(Data records)

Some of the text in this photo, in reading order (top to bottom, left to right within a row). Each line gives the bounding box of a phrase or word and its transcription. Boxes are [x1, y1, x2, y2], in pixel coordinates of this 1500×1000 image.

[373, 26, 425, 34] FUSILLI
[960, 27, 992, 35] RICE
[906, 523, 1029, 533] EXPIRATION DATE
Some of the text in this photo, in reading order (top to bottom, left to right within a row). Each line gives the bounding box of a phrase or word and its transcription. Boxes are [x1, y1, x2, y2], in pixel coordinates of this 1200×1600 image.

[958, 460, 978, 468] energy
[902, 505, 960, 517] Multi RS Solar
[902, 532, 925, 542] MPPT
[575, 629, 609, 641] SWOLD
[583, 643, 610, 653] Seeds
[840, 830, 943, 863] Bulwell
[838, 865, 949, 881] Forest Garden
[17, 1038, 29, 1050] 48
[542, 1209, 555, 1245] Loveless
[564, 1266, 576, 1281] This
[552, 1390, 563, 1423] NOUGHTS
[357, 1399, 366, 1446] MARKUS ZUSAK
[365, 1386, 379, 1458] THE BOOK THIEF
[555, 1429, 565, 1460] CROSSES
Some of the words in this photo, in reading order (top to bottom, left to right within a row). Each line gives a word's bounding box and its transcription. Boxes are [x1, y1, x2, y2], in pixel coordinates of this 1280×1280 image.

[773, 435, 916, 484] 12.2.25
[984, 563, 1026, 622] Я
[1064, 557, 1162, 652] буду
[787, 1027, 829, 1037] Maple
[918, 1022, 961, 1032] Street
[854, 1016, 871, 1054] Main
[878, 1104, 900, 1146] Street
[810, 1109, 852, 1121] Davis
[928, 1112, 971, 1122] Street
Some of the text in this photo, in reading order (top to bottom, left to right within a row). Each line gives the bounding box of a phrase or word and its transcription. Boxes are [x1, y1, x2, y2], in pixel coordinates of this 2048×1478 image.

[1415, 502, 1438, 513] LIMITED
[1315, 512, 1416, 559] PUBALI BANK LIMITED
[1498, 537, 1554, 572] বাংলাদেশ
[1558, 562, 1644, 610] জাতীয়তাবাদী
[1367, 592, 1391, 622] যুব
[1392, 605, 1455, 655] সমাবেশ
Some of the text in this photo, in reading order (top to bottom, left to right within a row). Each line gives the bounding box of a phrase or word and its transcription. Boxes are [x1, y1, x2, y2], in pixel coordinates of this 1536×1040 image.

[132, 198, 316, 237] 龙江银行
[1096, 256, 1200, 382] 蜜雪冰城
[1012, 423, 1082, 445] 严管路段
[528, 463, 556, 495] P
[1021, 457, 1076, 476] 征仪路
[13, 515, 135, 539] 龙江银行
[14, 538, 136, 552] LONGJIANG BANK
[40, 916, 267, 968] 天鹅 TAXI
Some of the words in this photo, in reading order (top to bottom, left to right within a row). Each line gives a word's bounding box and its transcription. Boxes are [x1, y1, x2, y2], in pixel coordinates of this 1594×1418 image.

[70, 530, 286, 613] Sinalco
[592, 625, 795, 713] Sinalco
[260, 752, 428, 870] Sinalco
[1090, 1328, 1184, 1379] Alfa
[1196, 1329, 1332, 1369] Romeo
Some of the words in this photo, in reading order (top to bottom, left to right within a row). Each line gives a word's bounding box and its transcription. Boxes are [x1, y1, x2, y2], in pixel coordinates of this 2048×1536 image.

(End Data records)

**Work item:** Please transcribe the data shown above in full, exactly as it stands.

**Output for this exercise:**
Some of the text in this photo, in reading order (top to bottom, left to right within a row). Each line gives the bounding box of a phrase or word and its transcription. Boxes are [x1, y1, x2, y2], in pixel coordinates of this 1500×1000 image.

[373, 26, 425, 34] FUSILLI
[960, 27, 992, 35] RICE
[906, 523, 1029, 533] EXPIRATION DATE
Some of the text in this photo, in reading order (top to bottom, left to right within a row). Each line gives the bounding box of a phrase or word and its transcription. Boxes are [x1, y1, x2, y2], in pixel coordinates of this 1200×1600 image.

[958, 460, 978, 468] energy
[902, 505, 960, 517] Multi RS Solar
[902, 532, 925, 542] MPPT
[575, 629, 609, 641] SWOLD
[583, 643, 610, 653] Seeds
[840, 830, 943, 863] Bulwell
[838, 865, 949, 881] Forest Garden
[17, 1038, 29, 1050] 48
[542, 1209, 555, 1245] Loveless
[564, 1266, 576, 1281] This
[552, 1390, 563, 1423] NOUGHTS
[357, 1399, 366, 1446] MARKUS ZUSAK
[365, 1386, 379, 1458] THE BOOK THIEF
[555, 1429, 565, 1460] CROSSES
Some of the words in this photo, in reading order (top to bottom, left to right within a row). Each line gives a word's bounding box and its transcription. Boxes are [x1, y1, x2, y2], in pixel coordinates of this 1280×1280 image.

[773, 435, 916, 484] 12.2.25
[984, 563, 1026, 622] Я
[1064, 557, 1162, 652] буду
[787, 1027, 829, 1037] Maple
[918, 1022, 961, 1032] Street
[854, 1016, 871, 1054] Main
[878, 1104, 900, 1146] Street
[810, 1109, 852, 1121] Davis
[928, 1112, 971, 1122] Street
Some of the text in this photo, in reading order (top to bottom, left to right within a row). Each line gives the bounding box of a phrase or word and its transcription. Boxes are [x1, y1, x2, y2], in pixel coordinates of this 2048×1478 image.

[1415, 502, 1438, 513] LIMITED
[1315, 512, 1416, 559] PUBALI BANK LIMITED
[1498, 537, 1554, 572] বাংলাদেশ
[1558, 562, 1644, 610] জাতীয়তাবাদী
[1367, 592, 1391, 622] যুব
[1392, 605, 1455, 655] সমাবেশ
Some of the text in this photo, in reading order (top to bottom, left to right within a row). Each line gives the bounding box of a phrase or word and its transcription. Boxes are [x1, y1, x2, y2], in pixel coordinates of this 1536×1040 image.

[132, 198, 316, 237] 龙江银行
[1096, 256, 1200, 382] 蜜雪冰城
[1012, 423, 1082, 445] 严管路段
[528, 463, 556, 495] P
[1021, 457, 1076, 476] 征仪路
[13, 515, 135, 539] 龙江银行
[14, 538, 136, 552] LONGJIANG BANK
[40, 916, 267, 968] 天鹅 TAXI
Some of the words in this photo, in reading order (top to bottom, left to right within a row). Each line gives a word's bounding box and its transcription. Boxes are [x1, y1, x2, y2], in pixel coordinates of this 1594×1418 image.

[70, 530, 286, 613] Sinalco
[592, 625, 795, 713] Sinalco
[260, 752, 428, 870] Sinalco
[1090, 1328, 1184, 1379] Alfa
[1196, 1329, 1332, 1369] Romeo
Some of the words in this photo, in reading order (top to bottom, left to right within a row). Each line gives a word's bounding box and its transcription. Boxes are [x1, y1, x2, y2], in pixel coordinates of this 2048×1536 image.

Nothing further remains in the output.